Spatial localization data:
════════════════════
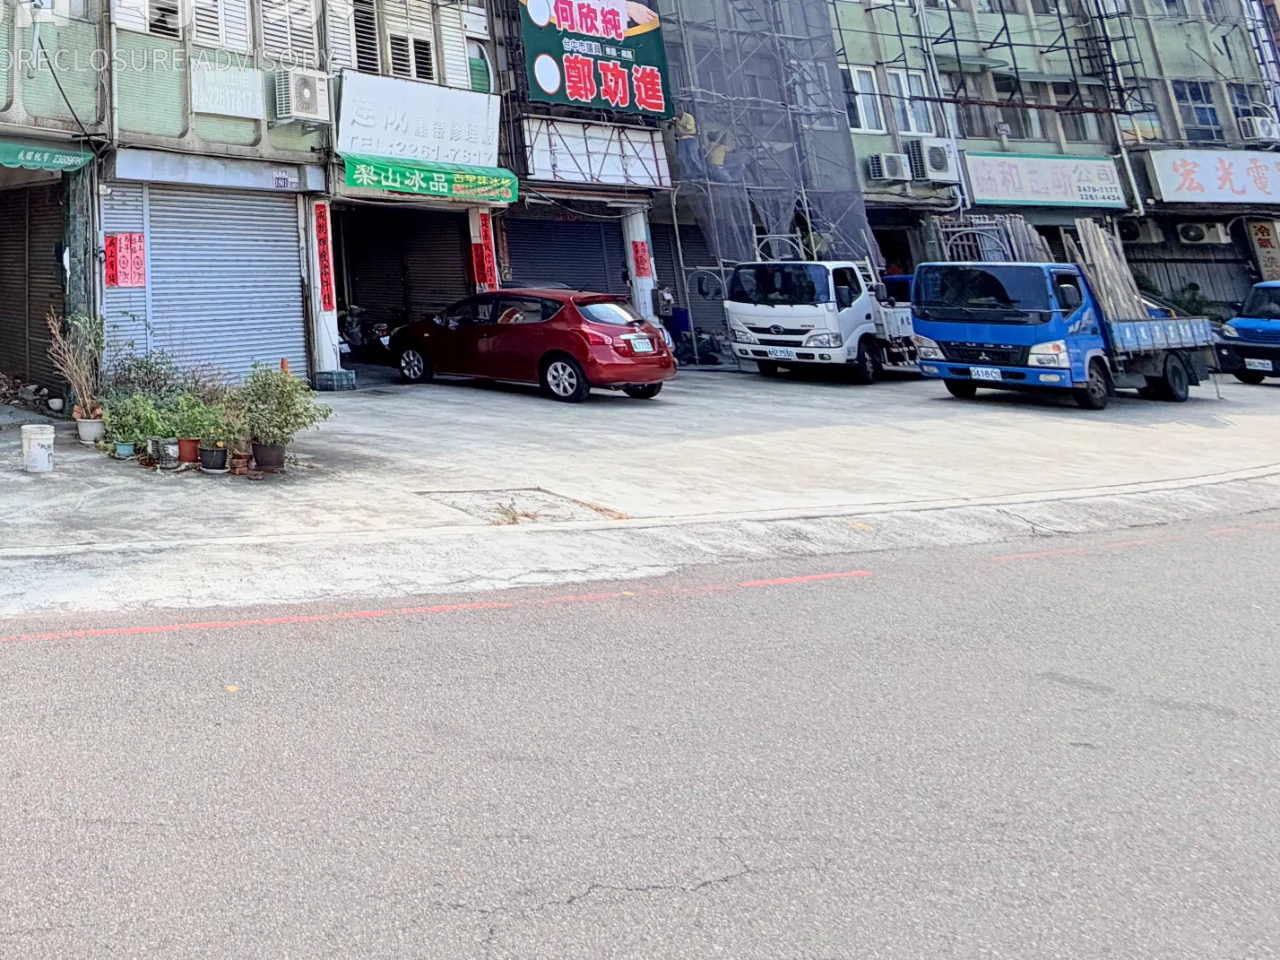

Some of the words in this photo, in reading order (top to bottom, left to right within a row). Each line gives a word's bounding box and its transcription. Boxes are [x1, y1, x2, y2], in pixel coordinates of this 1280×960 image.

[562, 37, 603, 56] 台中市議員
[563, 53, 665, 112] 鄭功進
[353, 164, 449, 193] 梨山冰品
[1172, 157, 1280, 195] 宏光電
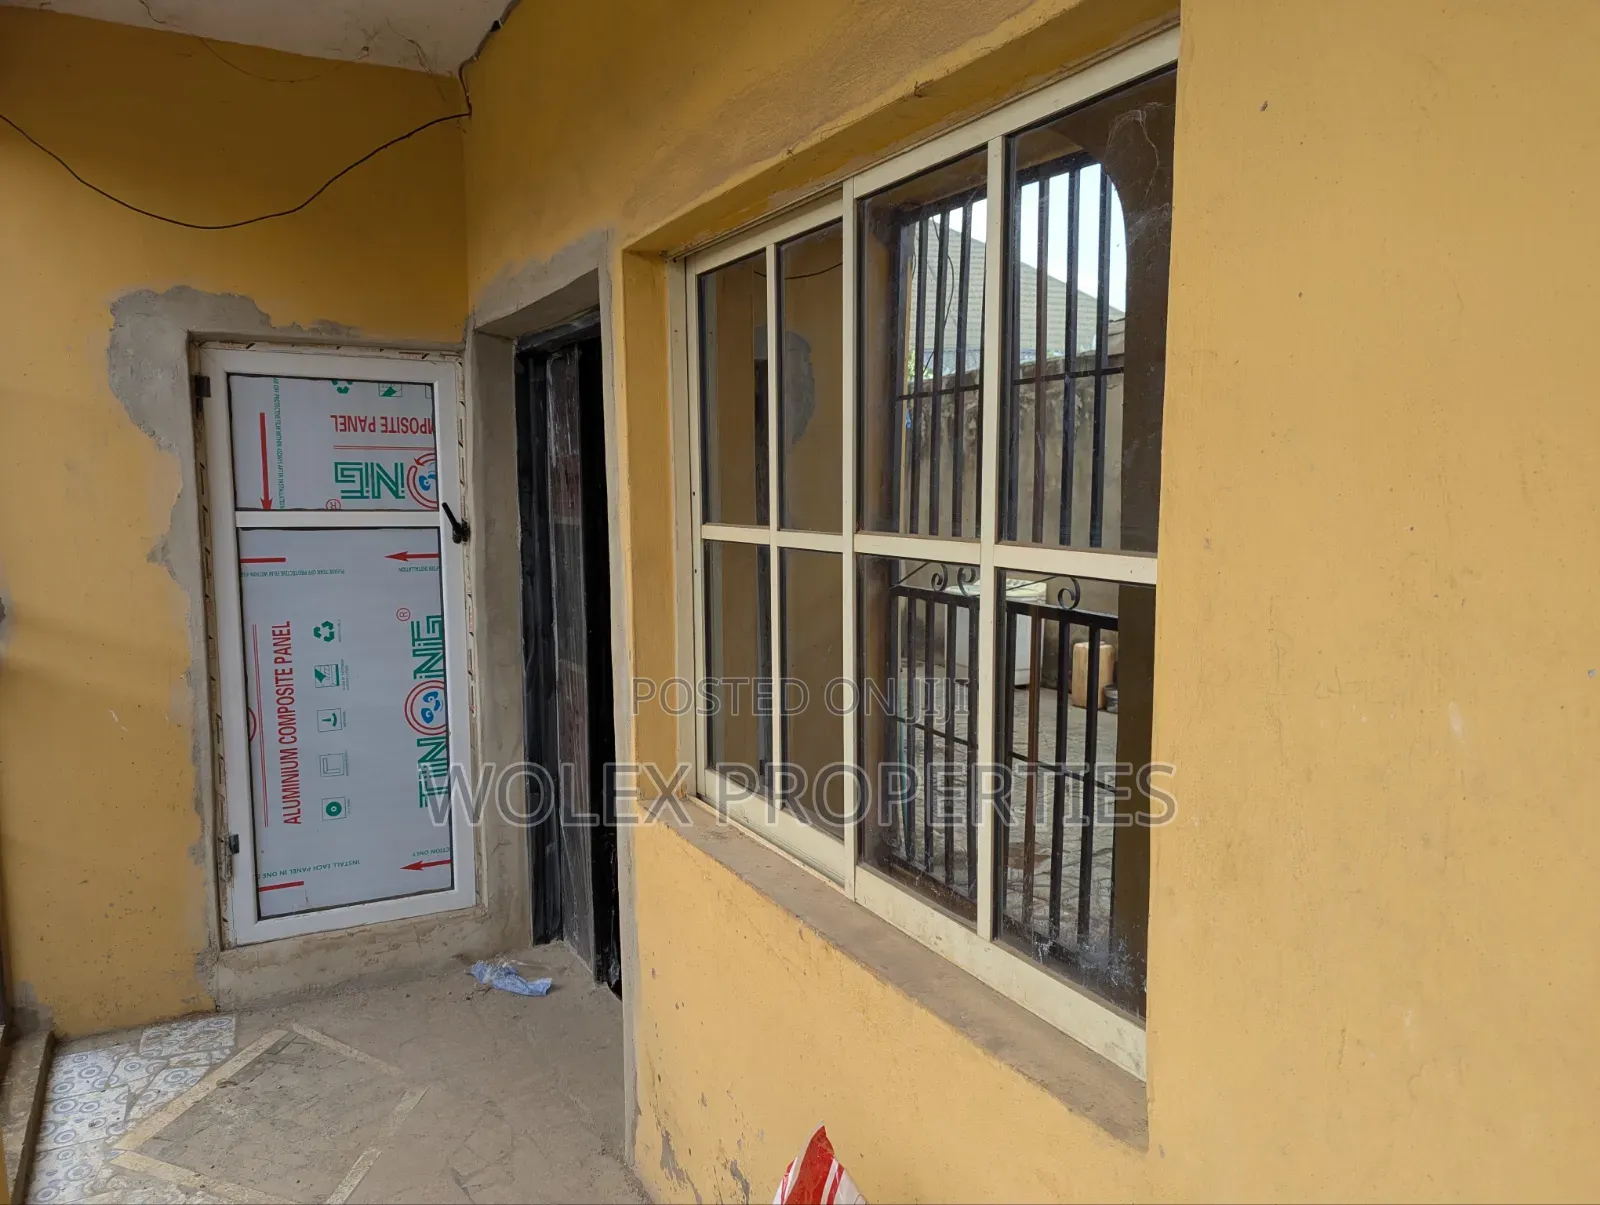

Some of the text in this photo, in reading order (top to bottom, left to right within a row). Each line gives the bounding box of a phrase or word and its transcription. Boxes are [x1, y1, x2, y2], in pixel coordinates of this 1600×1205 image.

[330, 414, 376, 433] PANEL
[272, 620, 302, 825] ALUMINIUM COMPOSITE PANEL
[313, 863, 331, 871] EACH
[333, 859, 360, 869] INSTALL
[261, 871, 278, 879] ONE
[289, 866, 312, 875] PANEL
════════════════════
Return each record exactly as given, excluding any image.

Some of the words in this photo, in reading order (top to bottom, left to right within a row). Each line gives a word's bounding box and its transcription. Boxes are [x1, y1, x2, y2], in pixel coordinates of this 1280×960 image.

[562, 37, 603, 56] 台中市議員
[563, 53, 665, 112] 鄭功進
[353, 164, 449, 193] 梨山冰品
[1172, 157, 1280, 195] 宏光電

Some of the text in this photo, in reading order (top to bottom, left to right within a row). Each line gives the bounding box of a phrase or word and its transcription. Boxes are [x1, y1, x2, y2], in pixel coordinates of this 1600×1205 image.

[330, 414, 376, 433] PANEL
[272, 620, 302, 825] ALUMINIUM COMPOSITE PANEL
[313, 863, 331, 871] EACH
[333, 859, 360, 869] INSTALL
[261, 871, 278, 879] ONE
[289, 866, 312, 875] PANEL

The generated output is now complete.